How to complete this task: Set each line of the data down exactly, please.

Data provided:
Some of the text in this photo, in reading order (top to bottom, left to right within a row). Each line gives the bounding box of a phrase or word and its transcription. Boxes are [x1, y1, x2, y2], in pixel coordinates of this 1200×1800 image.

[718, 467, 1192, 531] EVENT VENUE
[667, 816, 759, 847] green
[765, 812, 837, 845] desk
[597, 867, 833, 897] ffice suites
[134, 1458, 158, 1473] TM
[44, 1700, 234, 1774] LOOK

Answer to this problem:
Some of the text in this photo, in reading order (top to bottom, left to right within a row). Each line gives the bounding box of a phrase or word and its transcription. Boxes are [x1, y1, x2, y2], in pixel coordinates of this 1200×1800 image.

[718, 467, 1192, 531] EVENT VENUE
[667, 816, 759, 847] green
[765, 812, 837, 845] desk
[597, 867, 833, 897] ffice suites
[134, 1458, 158, 1473] TM
[44, 1700, 234, 1774] LOOK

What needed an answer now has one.